Poor construction, however, had a virtue. A splash on either side "bracketed" Japan. Kentucky windage said the next shot could hit a Japanese home island.
The 1998 test caught Japan by surprise. It also boggled the Clinton Administration. North Korea claimed that the U.S. and Japan broken the so-called Agreed Framework negotiated by the Clinton Administration by failing to provide timely economic aid and promised energy supplies.
That was not the case. The Clinton Administration sought assurances that North Korea had curtailed its nuclear weapons program per the agreement before providing additional aid.
Pyongyang responded to the diplomatic challenge with military intimidation. Instead of answering legitimate questions about it weapons program it fired the Taepodong-1.
The missile test reinforced a conclusion reached by The Commission to Assess the Ballistic Missile Threat to the United States.
It's better known by another name: the Rumsfeld Commission, as in Donald Rumsfeld, who became Secretary of Defense during the George W. Bush administration.
In late July, 1998, the missile commission concluded that the U.S. was threatened by "ballistic missiles tipped with biological or nuclear payloads from China, Russia, Iran, Iraq and North Korea." It also argued that the U.S. intelligence community had consistently underestimated this threat.
The initial report riled establishment Washington. The Clinton Administration bristled. Intelligence agencies huffed. The August 31, 1998 test, however, indicated the Rumsfeld Commission had a valid concern.
North Korea demonstrated a fierce desire to obtain long range ballistic missiles. In 2006, North Korea conducted its first nuclear weapons test. Its desire to obtain nukes is also unquenched.
Kim Jong Il ordered the 1998 test. He also orchestrated the 2006 nuclear test. He died in late 2011, and his son, Kim Jong Un, assumed control of the hereditary Communist dictatorship.
With 2011 came a change in power. It also marked an acceleration in North Korea's ballistic missile test program. Since early 2012, Pyongyang has conducted over three dozen missile tests, firing an estimated 80 missiles (the exact number is debated). So far in 2017, the north has conducted 12 tests, launching a total of 18 missiles.
The most recent test occurred August 29 and it echoed August 1998. A North Korean IRBM overflew the Japanese home island of Hokkaido and splashed down in the North Pacific. Japan did not intercept the missile, but the Japan of 2017 is not the Japan of 1998. Japanese civil defense officials alerted citizens in the missile's flight path. The government called the launch a grave threat. Japan backs words with weapons. It is acquiring offensive weapons capable of destroying North Korean missile and nuclear weapons storage sites and missile launch sites.

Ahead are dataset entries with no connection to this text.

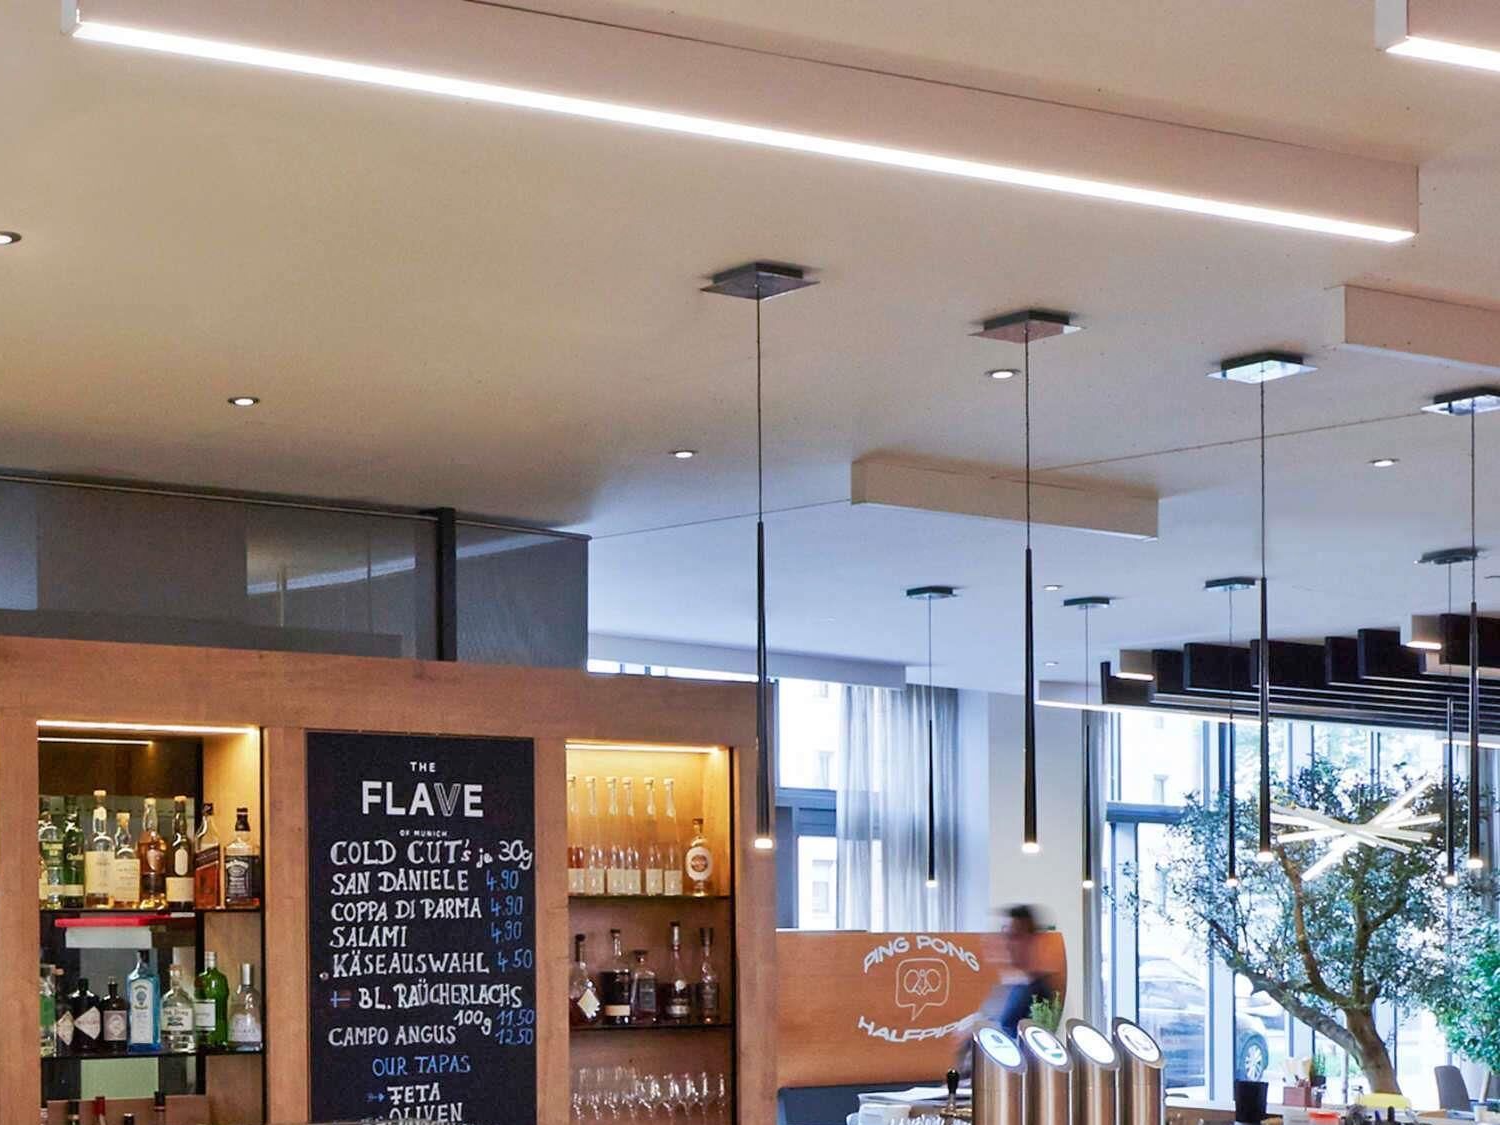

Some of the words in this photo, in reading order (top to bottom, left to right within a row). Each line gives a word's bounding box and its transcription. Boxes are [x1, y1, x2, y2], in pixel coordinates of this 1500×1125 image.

[410, 761, 436, 773] THE
[361, 780, 484, 818] FLAVE
[330, 840, 397, 866] COLD
[498, 839, 533, 871] 30g
[330, 871, 371, 896] SAN
[377, 867, 469, 893] DANIELE
[331, 899, 389, 924] COPPA
[394, 900, 416, 920] DI
[420, 897, 483, 920] PARMA
[330, 924, 408, 949] SALAMI
[332, 949, 490, 979] KÄSEAUSWAHL
[863, 936, 910, 974] PING
[916, 935, 980, 972] PONG
[358, 986, 392, 1010] BL.
[328, 1026, 389, 1047] CAMPO
[394, 1024, 456, 1046] ANGUS
[372, 1056, 408, 1077] OUR
[414, 1054, 471, 1075] TAPAS
[387, 1082, 441, 1106] FETA

Tokyo has also built a tight alliance with the U.S. and South Korea. South Koreans have many historical reasons to dislike the Japanese. However, North Korea's insistent pursuit of nuclear weapons and constant threats of all-out war have mellowed southern attitudes regarding Japan. China's rise to regional power and potential global power has given the Japanese a new appreciation of South Korean military and economic prowess.
Japan's reaction to the latest North Korean test indicates that the next time a North Korean missile approaches Japanese territory an allied anti-ballistic missile will intercept it.
The stage is set for the all-out war North Korea threatens, but not on North Korea's terms.